These seemingly contradictory findings suggest that the cardioprotective mechanisms of lactylation in the ischemic myocardium may depend on specific target proteins and their associated signaling pathways, potentially offering novel therapeutic targets for myocardial ischemia protection.

5.2.3. Ischemic Encephalopathy

In cerebral I/R (CI/R) injury, intracellular lactate promotes pyroptosis via histone H3 lysine 18 lactylation (H3K18lac). Knockdown of LDHA significantly reduced both lactate and H3K18lac levels and decreased H3K18lac occupancy at the proximal promoter region of high‐mobility group box 1 (HMGB1), thereby suppressing HMGB1 expression and subsequently inhibiting pyroptosis in CI/R [115]. Furthermore, glycolysis inhibition and lactate production reduce the lactylation of lymphocyte cytosolic protein 1 (LCP1), an actin‐binding protein in cerebral infarction models, leading to LCP1 degradation, apoptosis suppression, and ultimately attenuation of CI progression [116]. Lactylation participates extensively in CI/R, primarily influencing biological processes such as cell projection morphogenesis, the Wnt signaling pathway, brain development, neuronal projection regeneration, and injury response. It also affects molecular functions, including protein kinase activity and energy transfer, as well as signaling pathways involving calcium ions, cGMP–PKG, and MAPK [117].

5.2.4. Ischemic Fundi Disease

Neovascularization of the eye is a major cause of blindness [118]. Lactylation in the ischemic fundi promotes angiogenesis and fibrosis. Chen et al. [119] found elevated expression of fat mass and obesity‐associated protein (FTO), an m6A demethylase, in patients with diabetic retinopathy and a mouse model and that it can be demethylated through m6A–YTHDF2‐dependent CDK2 mRNA to promote CDK2 expression, which, in turn, acts on EC cycle progression and tip cell formation. It is also involved in neovascularization in diabetic retinopathy.

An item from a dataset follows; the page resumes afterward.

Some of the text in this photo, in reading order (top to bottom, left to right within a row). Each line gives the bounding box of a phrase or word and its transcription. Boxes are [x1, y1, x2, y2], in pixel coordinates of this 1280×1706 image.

Further studies have found that the disturbance of lactate homeostasis, a common feature of diabetic retinopathy, can affect FTO via lactylation, thus playing the role described above [119].

In addition, lactylation of nonhistone proteins plays a role in proliferative retinopathy, and Yin Yang‐1 (YY1), a multifunctional transcription factor that binds to specific DNA sequences in several promoters and enhancers to promote or repress transcription, is involved in the regulation of angiogenesis [120, 121, 122]. Hypoxia increases lactate levels in microglia, thereby increasing the lactylation of YY1 at lysine 183 (K183) and facilitating its binding to the FGF2 promoter in a manner regulated by the acylation writer p300. This promotes FGF2 transcription through hyperlactylation, upregulates FGF2 expression, and promotes retinal neovascularization, all of which participate in the development of proliferative retinal lesions [118].

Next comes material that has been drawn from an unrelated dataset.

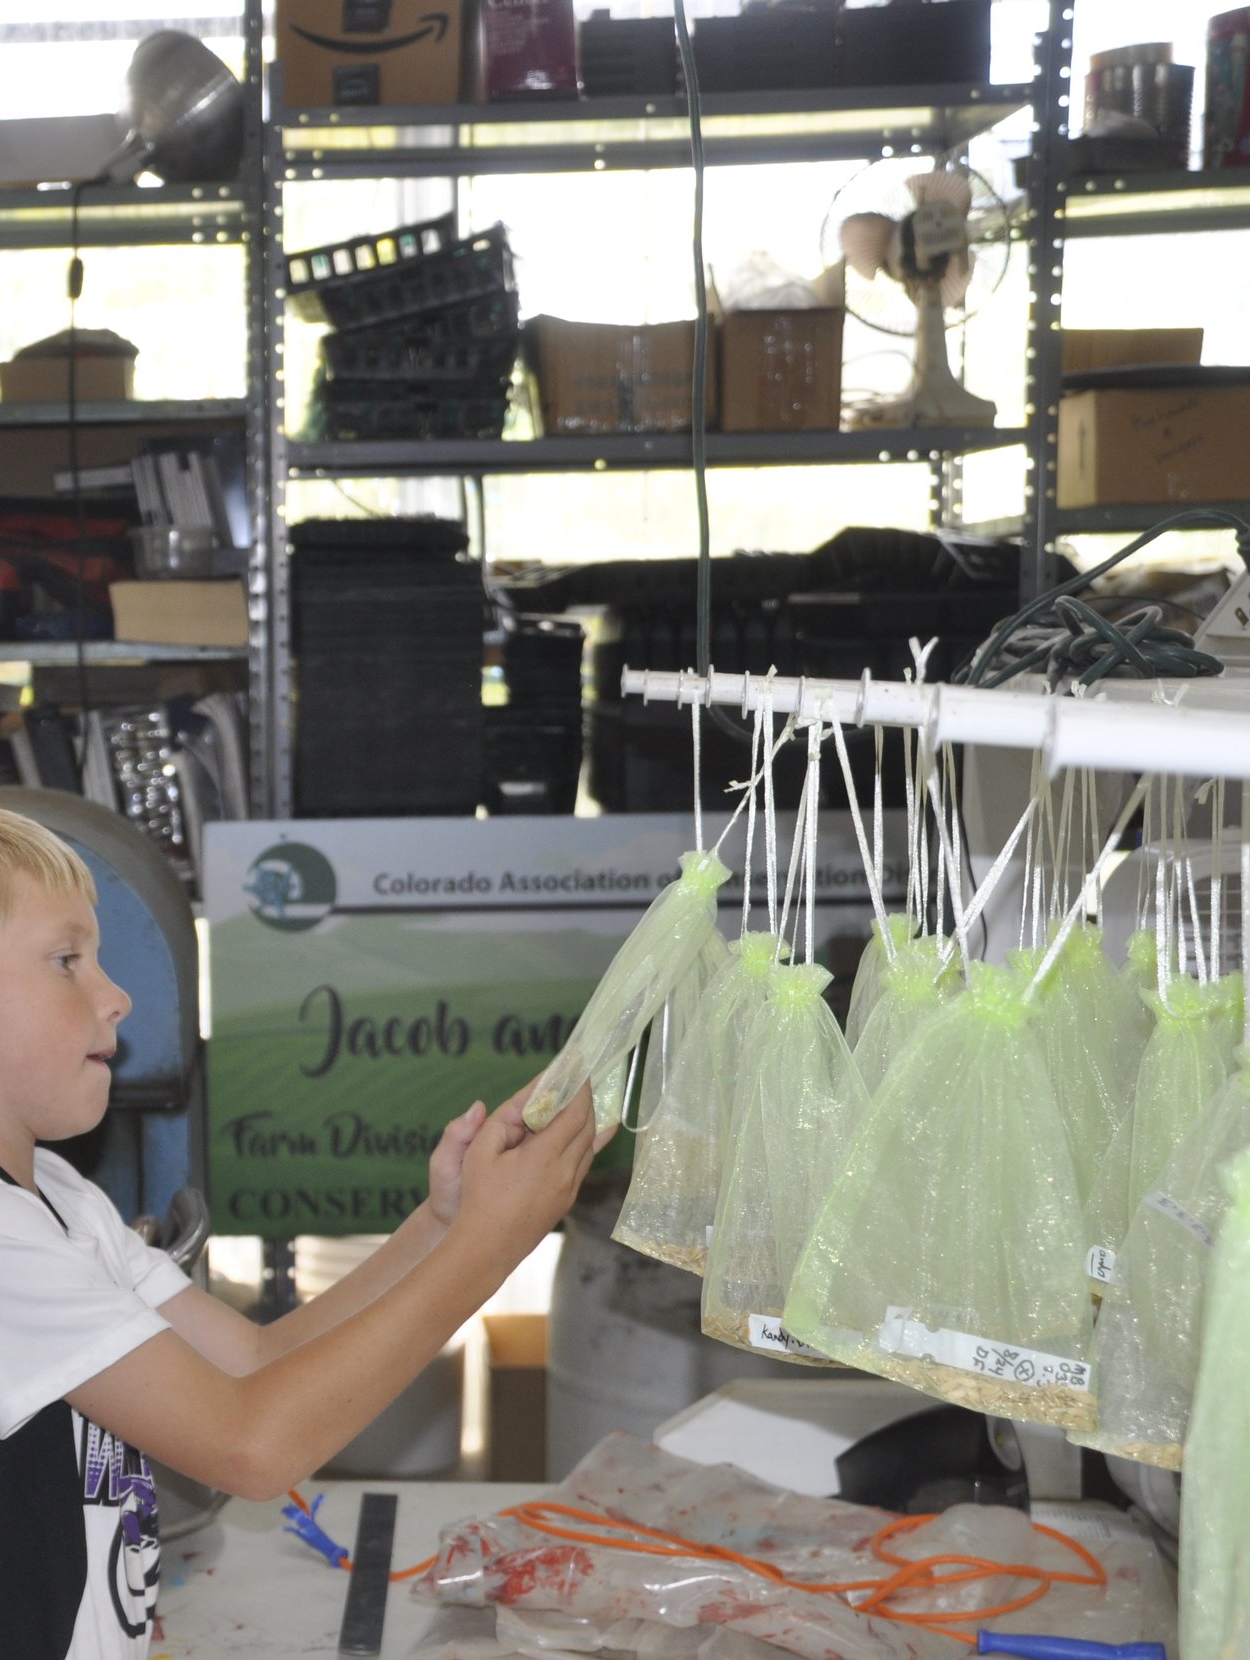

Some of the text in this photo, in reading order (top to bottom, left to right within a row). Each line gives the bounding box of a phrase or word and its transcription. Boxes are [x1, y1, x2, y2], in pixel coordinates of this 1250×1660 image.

[372, 871, 492, 896] Colorado
[499, 869, 649, 893] Association
[298, 984, 582, 1078] Jacob an
[222, 1110, 318, 1158] Farm

Myopia is partly caused by increased scleral fibroblast‐to‐myofibroblast trans‐differentiation, which is facilitated by increased glycolysis in the sclera during hypoxia, upregulation of the glycolysis/lactate/histone lactation cascade due to lactate accumulation, and activation of Notch1 transcription by H3K18la [123]. This process is consistent with myocardial fibrosis after MI and requires further investigation in myocardial fibrosis.

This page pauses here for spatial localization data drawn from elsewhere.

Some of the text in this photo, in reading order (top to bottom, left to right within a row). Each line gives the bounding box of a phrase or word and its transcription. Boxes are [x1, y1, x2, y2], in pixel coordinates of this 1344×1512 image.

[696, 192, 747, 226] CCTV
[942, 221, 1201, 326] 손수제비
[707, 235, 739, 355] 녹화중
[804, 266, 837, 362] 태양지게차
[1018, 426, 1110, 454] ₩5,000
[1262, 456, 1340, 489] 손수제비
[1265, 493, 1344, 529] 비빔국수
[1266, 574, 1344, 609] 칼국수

5.2.5. Ischemic Nephropathy

Significantly elevated lactate/creatinine and renal lactate levels were found in the urine of mice with I/R injury and patients with CKD. Meanwhile, fructose‐6‐phosphate‐2‐kinase/fructose‐2,6‐bisphosphatase 3 (PFKFB3) is a key glycolytic enzyme that is significantly upregulated in renal proximal tubular cells following I/R injury in mice. Lactate accumulation after PFKFB3‐induced enhancement of renal tubular glycolytic reprogramming significantly enhanced histone H4 lysine 12 lactylation (H4K12la), which, in turn, was enriched at the promoters of NF‐κB signaling genes (e.g., Ikbkb, Rela, and Relb), activating their transcription and promoting an inflammatory response accompanied by the presence of key proinflammatory cytokines as well as the upregulation of chemokines Tnf‐a, Il‐6, Il‐1β, and Ccl2, which are involved in the development of renal interstitial fibrosis. The application of oxalate (a LDH inhibitor) significantly reduced IRI‐induced H4K12 lactylation; inhibited the expression of proinflammatory factors and chemokines IL‐1β, IL‐6, and Ccl2; effectively ameliorated renal fibrosis; and confirmed a new therapeutic target for fibrosis [124].

5.3. Heart Failure

Diabetic cardiomyopathy primarily manifests as diastolic dysfunction, which can progress to HF in severe cases [125]. Recent studies have highlighted the critical role of lactate metabolism in this pathological process. Ma et al. [126] identified lactate as an independent predictor of diastolic dysfunction in patients with type 2 diabetes mellitus (T2DM), demonstrating a significant negative correlation between elevated lactate levels and the E/A ratio, a key echocardiographic parameter of diastolic function. Mechanistically, the upregulation of MCT4 in cardiomyocyte membranes disrupts the intracellular lactate–pyruvate balance. The extruded lactate enhances macrophage inflammation by increasing H4K12 lactylation (H4K12La) levels, promoting HIF‐1α transcription, and amplifying free fatty acid‐induced inflammatory responses, ultimately exacerbating myocardial injury. Notably, MCT4 inhibition significantly attenuates this pathological cascade [126].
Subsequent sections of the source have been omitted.